No estoy seguro de que esa sea la mejor pregunta.
No creo que la respuesta sea tirar los career ladders a la basura. Sería un error. Sin alguna forma de estructura, el crecimiento profesional queda demasiado expuesto a intuición, política interna, sesgos y conversaciones de pasillo.
Pero sí creo que tienen que cambiar de forma.
Los career ladders pueden seguir siendo útiles como fotografía temporal, como contrato de expectativas y como herramienta de gestión. Pero no deberían confundirse con el mapa completo de una carrera. En un contexto donde las responsabilidades se vuelven elásticas, una ruta demasiado rígida corre el riesgo de describir bien la organización pasada y mal el trabajo que ya está ocurriendo.
La unidad de análisis no puede ser sólo el rol. Tiene que ser la combinación entre capacidades, contexto, responsabilidad e impacto.

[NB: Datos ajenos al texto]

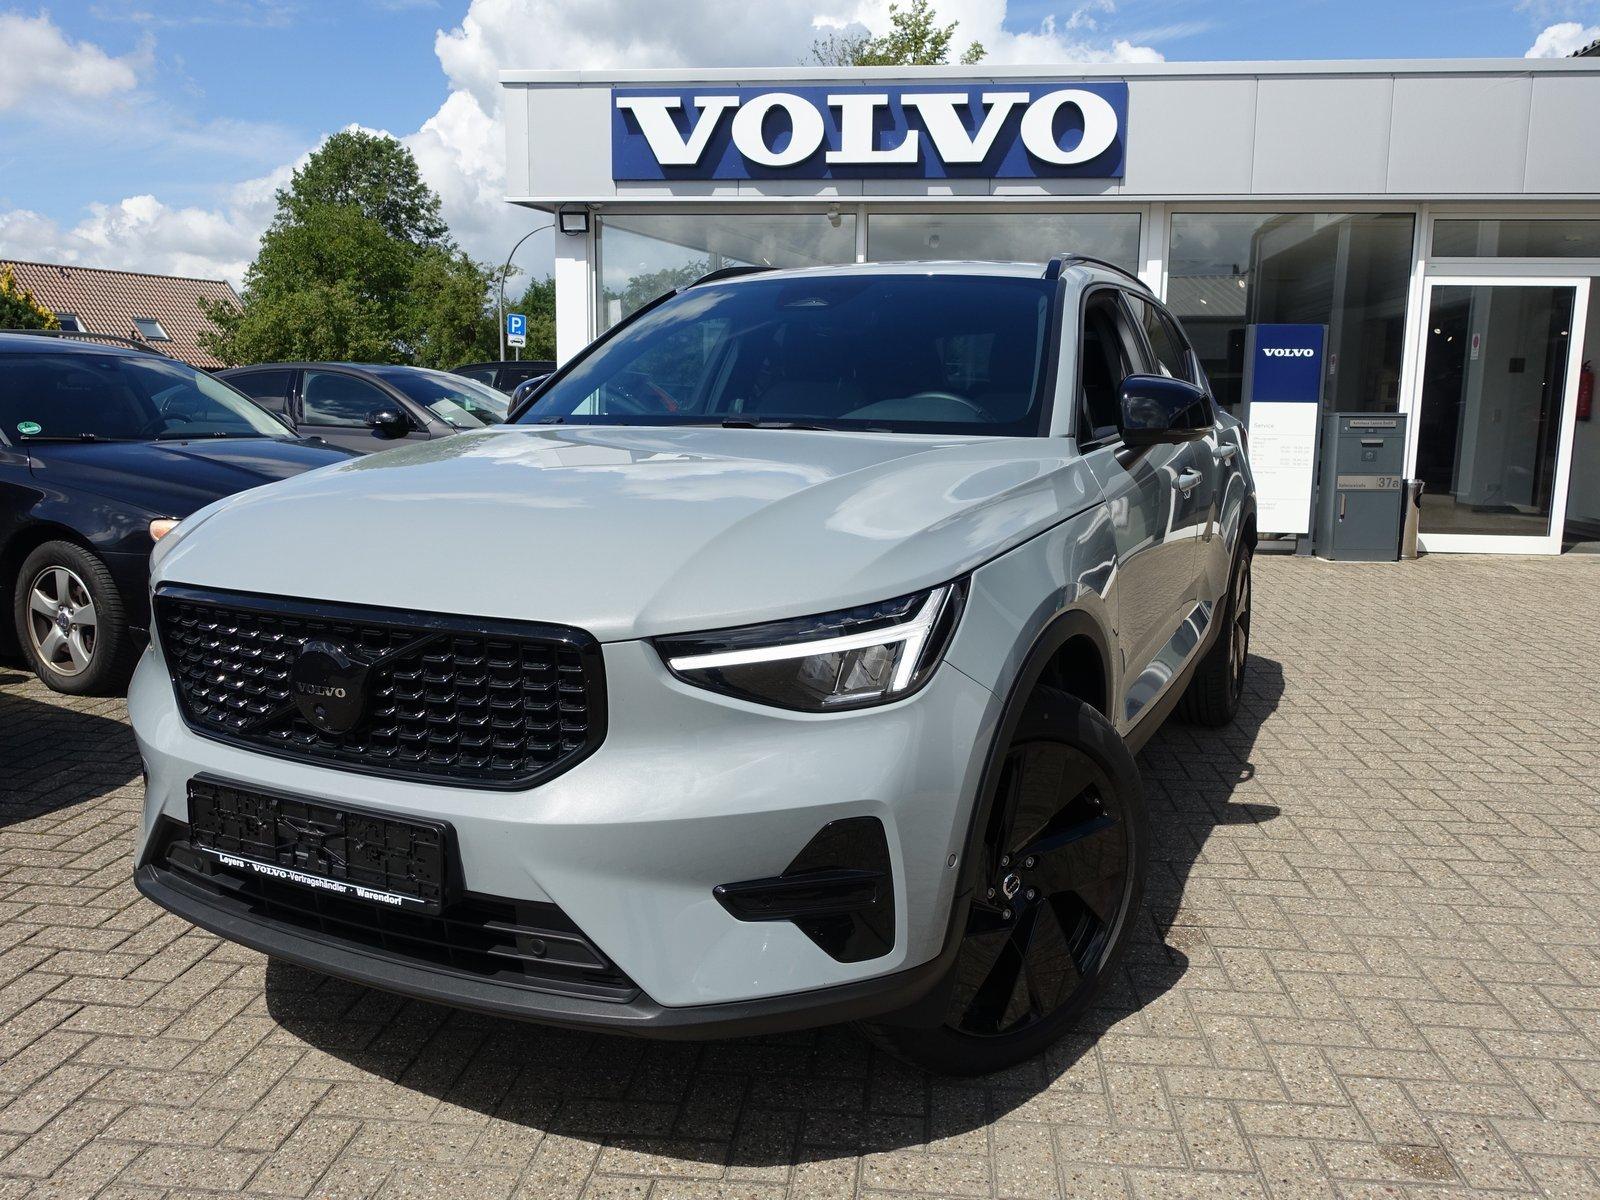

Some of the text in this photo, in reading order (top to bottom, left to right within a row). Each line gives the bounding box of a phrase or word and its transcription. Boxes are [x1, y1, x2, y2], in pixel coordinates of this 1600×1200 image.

[616, 89, 1118, 165] VOLVO
[511, 316, 522, 333] P
[1262, 348, 1314, 357] VOLVO
[1378, 477, 1399, 488] 37a
[296, 681, 346, 698] VOLVO
[219, 853, 245, 868] Leyers
[355, 887, 402, 906] Warendorf

Así, la pregunta más útil es otra: ¿Qué parte del sistema de producción de valor puedo sostener con criterio?
Esa pregunta desplaza la conversación. Ya no se trata sólo de defender un territorio, sino de entender qué responsabilidad concreta se puede asumir cuando el territorio cambia.
En algunos contextos, eso significará entrar más en conversaciones de producto. En otros, mejorar la especificación. En otros, diseñar evaluación. En otros, sostener coherencia de experiencia cuando la ejecución se acelera. En otros, traducir estrategia en decisiones operables para humanos y agentes.
No hay una respuesta universal, y eso es precisamente el punto.
Una identidad menos cómoda, pero más honesta
La identidad de rol daba comodidad porque simplificaba una pregunta difícil: quién soy profesionalmente.
Pero esa comodidad tenía un costo. A veces el crecimiento terminaba confundido con profundizar una herramienta, defender un proceso o reclamar un asiento en una conversación sin hacerse cargo de lo que esa conversación exige.
El contexto actual vuelve esa tensión más visible.
No alcanza con decir que el diseñador debe ser más estratégico. Tampoco alcanza con decir que debe aprender IA, hacer prototipos más rápido o comportarse como builder. Todo eso puede ser cierto y aun así quedarse corto.
El cambio de fondo es menos vistoso: dejar de apoyar tanto la identidad en el título y empezar a apoyarla en el criterio que una persona puede ejercer en distintas zonas del producto.
Eso no elimina el rol, lo baja de lugar.
El rol organiza, pero la identidad profesional no debería depender por completo de él.
En un contexto como el actual, en el que construir se vuelve más accesible, el valor no está simplemente en cruzar fronteras: está en saber qué hacer cuando esas fronteras dejan de ordenar el trabajo.